Implicit vs Explicit State: A High-Level Comparison

This high-level comparison shows the fundamental differences between implicit and explicit state handling approaches. Let’s break down each aspect:

  1. Control of State:

    • Implicit: The framework manages state changes

    • Explicit: The developer directly controls state transitions

  2. Visibility:

    • Implicit: State changes can happen automatically

    • Explicit: State changes must be explicitly coded

  3. Traceability:

    • Implicit: State transitions may be hidden

    • Explicit: Clear state transition flow

Dataflow Patterns

To understand how these patterns work in practice, let’s examine their dataflow characteristics:

Advantages and Trade-offs

Implicit State

Advantages:

Disadvantages:

Explicit State

Advantages:

Disadvantages:

State handling in Python and NIRTorch

NIRTorch uses explicit state management, which may be more cumbersome to write but makes data flow more visible:

class MyState:
    voltage: float

def stateful_function(data, state):
    # 1. Calculate a new voltage
    new_voltage = ... 
    # 2. Calculate the function output
    output = ... 
    # 3. Define a new state
    new_state = MyState(voltage=new_voltage)
    # 4. A tuple of (data, state) is returned
    #    Note that the new state returned and the original remains unchanged
    return output, new_state 

Once NIRTorch has parsed a NIR module into Torch modules (read more about that in the page about To PyTorch: Interpreting NIR), the resulting module expects a second state parameter, like the function above.
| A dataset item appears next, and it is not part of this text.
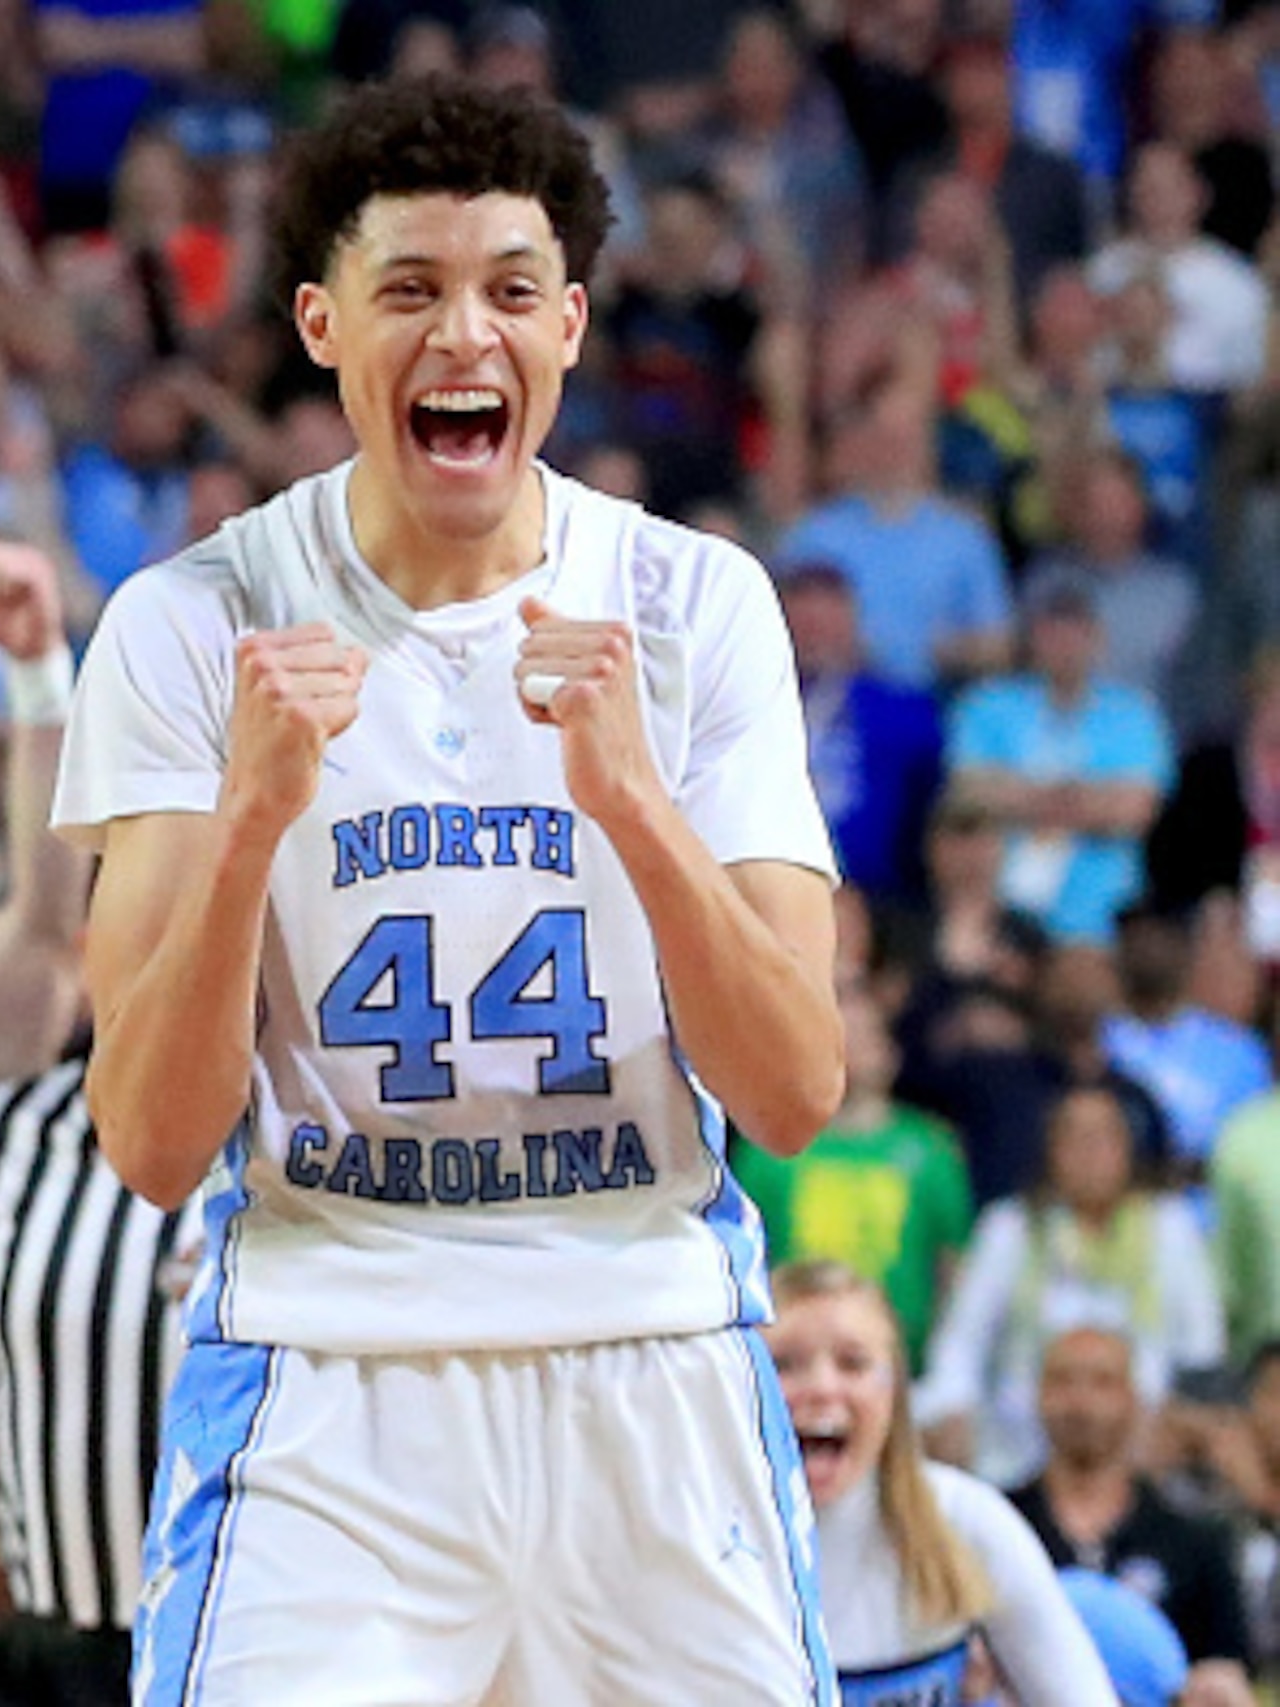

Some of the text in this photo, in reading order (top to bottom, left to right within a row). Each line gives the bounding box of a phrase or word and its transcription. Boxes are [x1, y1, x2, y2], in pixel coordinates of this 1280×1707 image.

[333, 804, 574, 888] NORTH
[317, 908, 612, 1102] 44
[285, 1121, 656, 1206] CAROLINA
Similarly, it will return a tuple of (data, state). Here is a full example where we first initialize a Torch module from NIRTorch, and then applies it several times with the correct state

import nir
import nirtorch
import numpy as np

nir_weight = np.ones((2, 2))
nir_graph = nir.NIRGraph.from_list(nir.Linear(weight=nir_weight))
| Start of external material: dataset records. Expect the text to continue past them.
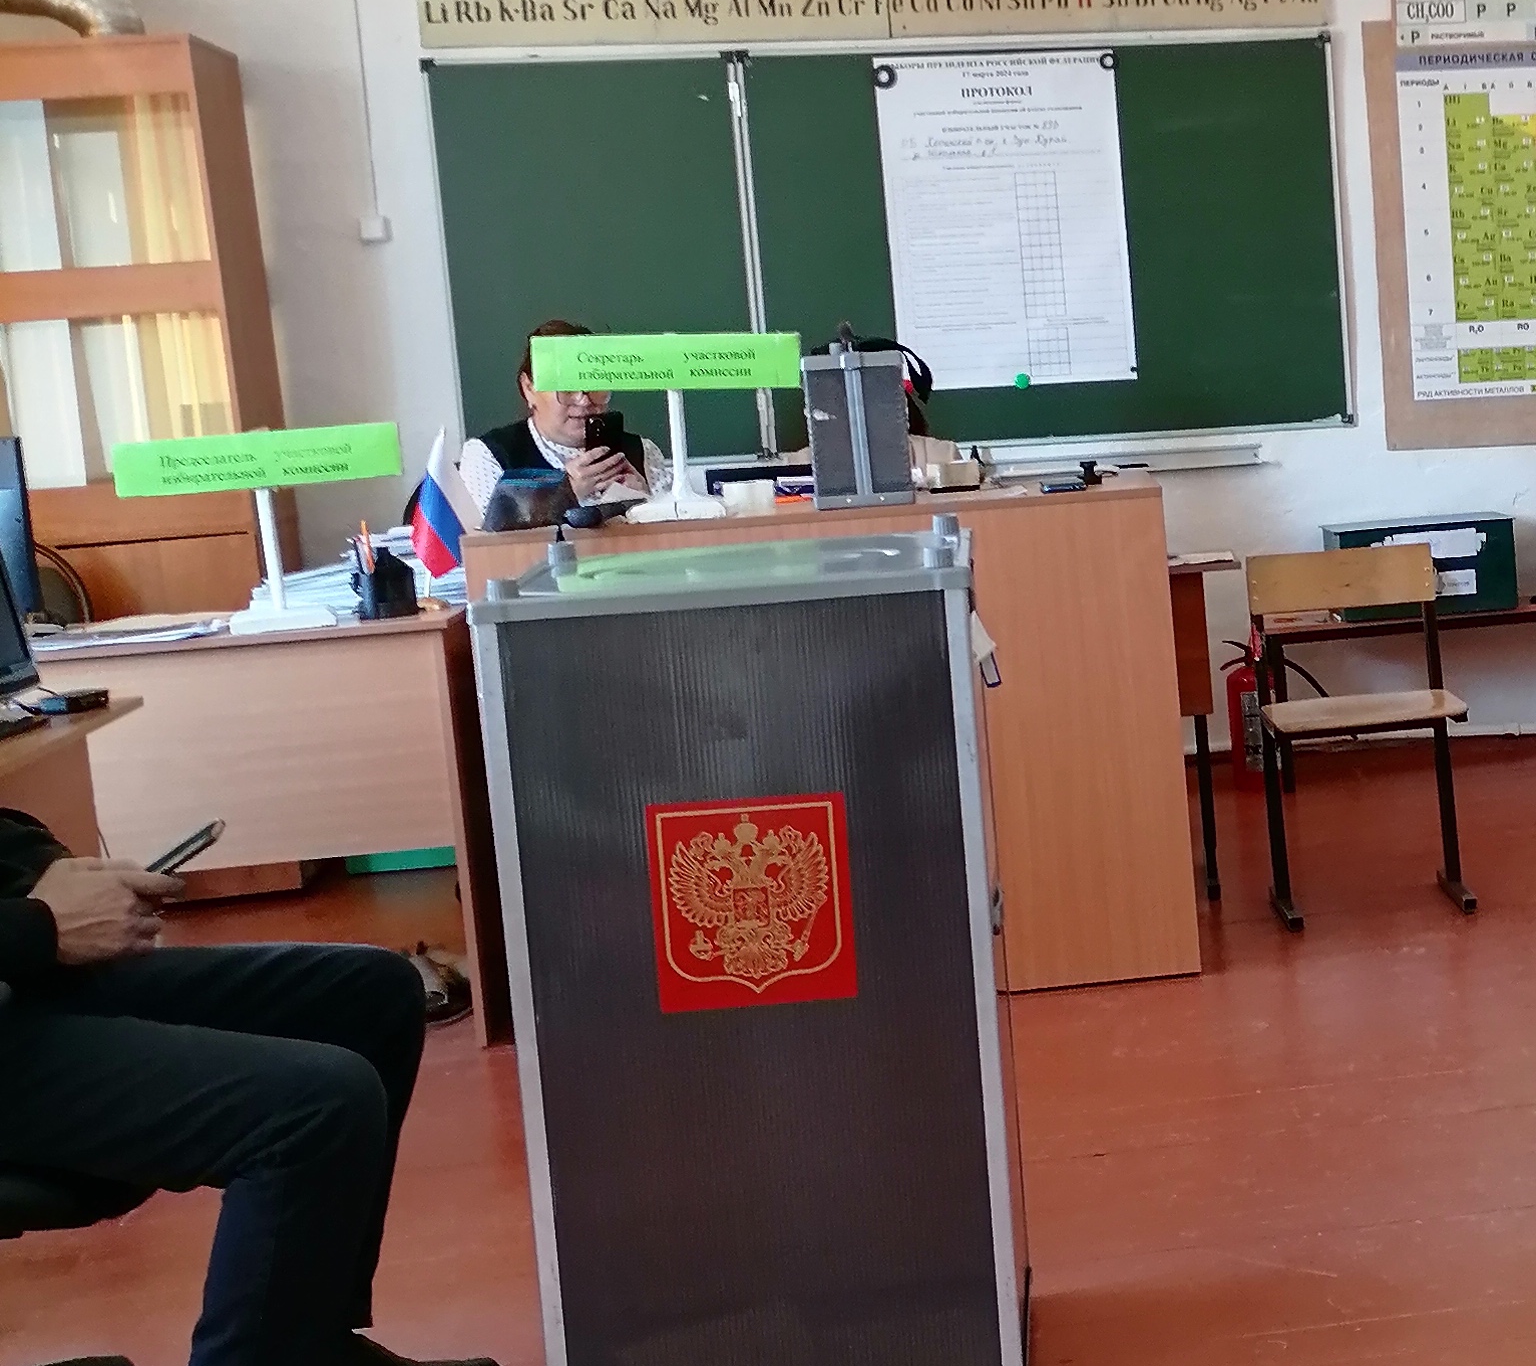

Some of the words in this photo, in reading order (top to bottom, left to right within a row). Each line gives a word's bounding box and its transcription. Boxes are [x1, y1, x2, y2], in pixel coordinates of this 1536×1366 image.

[424, 0, 449, 24] Li
[455, 0, 492, 24] Rb
[986, 57, 1047, 68] РОССИЙСКОЙ
[1418, 52, 1524, 67] ПЕРИОДИЧЕСКАЯ
[1400, 79, 1440, 88] ПЕРИОДЫ
[960, 85, 1033, 99] ПРОТОКОЛ
[1517, 323, 1529, 331] RO
[577, 351, 644, 365] Секретарь
[683, 348, 756, 364] участковой
[578, 367, 675, 384] избирательной
[689, 365, 752, 378] комиссии
[1417, 389, 1433, 399] РЯД
[1434, 387, 1483, 398] АКТИВНОСТИ
[1484, 385, 1525, 396] МЕТАЛЛОВ
[159, 452, 258, 471] Председатель
[273, 442, 352, 463] участковой
[161, 467, 266, 487] избирательной
[282, 462, 349, 478] комиссии
torch_module = nirtorch.nir_to_torch(
    nir_graph=nir_graph, 
    node_map={} # We can leave this empty since we only 
                # use a linear layer which has a default mapping
)

##
## This is where the state handling happens
##
# Assume some time-series data with 100 entries each with two datapoints
time_data = torch.random(100, 2)
state = None
results = []
# Loop through the time-series data, one entry at the time
for single_data in time_data:
    if state is None:
        # If state is None, we leave the state blank
        output, state = torch_module(single_data)
    else:
        # If state is not None, we need to feed it back in
        output, state = torch_module(single_data, state)
    results.append(output)

# results is now a tensor of shape (100, 2)
results = torch.stack(results)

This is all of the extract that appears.